Our model portfolio followed up weekly in this column was
up 41% in 1999, up 82% in 2000, up 16.5% in 2001, and up 7.58% in 2002, an
average annual gain of over 36% — all on a worst drawdown of around 12%.
We’re now up a fraction of a percent for the year 2002.
And we’ve emphasized defense as much as making money.
Unbelievably
Top RS/EPS New Highs have still mustered up just ONE solid week of
consistent +20 or higher readings since the 7/24 lows. Readings since our last
commentary posted just one day above 20 new highs, and no real solid close
calls. New lows at least, have continued to deteriorate. So we remain heavily
on the sidelines — and my guess is this will continue to be the case until there
is some clarity in the Iraqi situation.
For those not
familiar with our long/short strategies, we suggest you review my book
The Hedge Fund Edge, course “The Science of Trading,” and
new video seminar most of all, where I discuss many new techniques.

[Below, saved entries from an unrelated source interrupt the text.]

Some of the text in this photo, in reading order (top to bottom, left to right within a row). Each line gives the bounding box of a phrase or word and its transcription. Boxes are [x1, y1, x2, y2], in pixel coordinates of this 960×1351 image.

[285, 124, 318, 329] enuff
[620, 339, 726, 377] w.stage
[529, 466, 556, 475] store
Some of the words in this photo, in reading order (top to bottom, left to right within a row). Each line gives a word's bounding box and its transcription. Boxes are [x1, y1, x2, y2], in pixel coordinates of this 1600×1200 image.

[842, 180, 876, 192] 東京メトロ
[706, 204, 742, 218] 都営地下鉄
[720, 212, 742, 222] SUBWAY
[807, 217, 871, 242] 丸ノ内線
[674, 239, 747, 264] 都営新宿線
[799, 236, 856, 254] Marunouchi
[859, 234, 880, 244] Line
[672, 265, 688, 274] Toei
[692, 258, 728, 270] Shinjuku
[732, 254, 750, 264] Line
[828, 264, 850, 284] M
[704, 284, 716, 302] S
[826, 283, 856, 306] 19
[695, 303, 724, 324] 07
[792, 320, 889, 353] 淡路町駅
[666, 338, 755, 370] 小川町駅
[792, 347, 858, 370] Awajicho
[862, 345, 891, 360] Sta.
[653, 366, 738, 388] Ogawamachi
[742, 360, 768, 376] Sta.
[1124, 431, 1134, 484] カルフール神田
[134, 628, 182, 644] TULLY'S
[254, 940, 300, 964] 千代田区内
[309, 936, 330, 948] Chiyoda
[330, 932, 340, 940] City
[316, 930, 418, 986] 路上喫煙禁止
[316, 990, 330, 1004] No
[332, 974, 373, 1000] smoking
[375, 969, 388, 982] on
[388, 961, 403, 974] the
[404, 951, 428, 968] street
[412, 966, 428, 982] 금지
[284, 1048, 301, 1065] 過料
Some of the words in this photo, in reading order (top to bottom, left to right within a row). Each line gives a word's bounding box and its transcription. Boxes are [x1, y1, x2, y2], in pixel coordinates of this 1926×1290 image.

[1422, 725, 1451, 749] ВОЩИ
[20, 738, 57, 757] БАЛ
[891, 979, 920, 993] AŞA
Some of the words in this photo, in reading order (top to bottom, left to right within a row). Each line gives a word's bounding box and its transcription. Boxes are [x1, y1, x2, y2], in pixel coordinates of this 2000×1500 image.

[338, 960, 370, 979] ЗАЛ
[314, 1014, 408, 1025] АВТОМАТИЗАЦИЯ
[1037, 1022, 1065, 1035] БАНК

Basically, we have rigorous criteria for potential long stocks that we call
“up-fuel,” as well as rigorous criteria for potential short stocks that we call
“down-fuel.” Each day we review the list of new highs on our “Top RS and EPS New
High List” published on TradingMarkets.com for breakouts of four-week or
longer flags, or of valid cup-and-handles of more than four weeks. Buy trades
are taken only on valid breakouts of stocks that also meet our up-fuel criteria.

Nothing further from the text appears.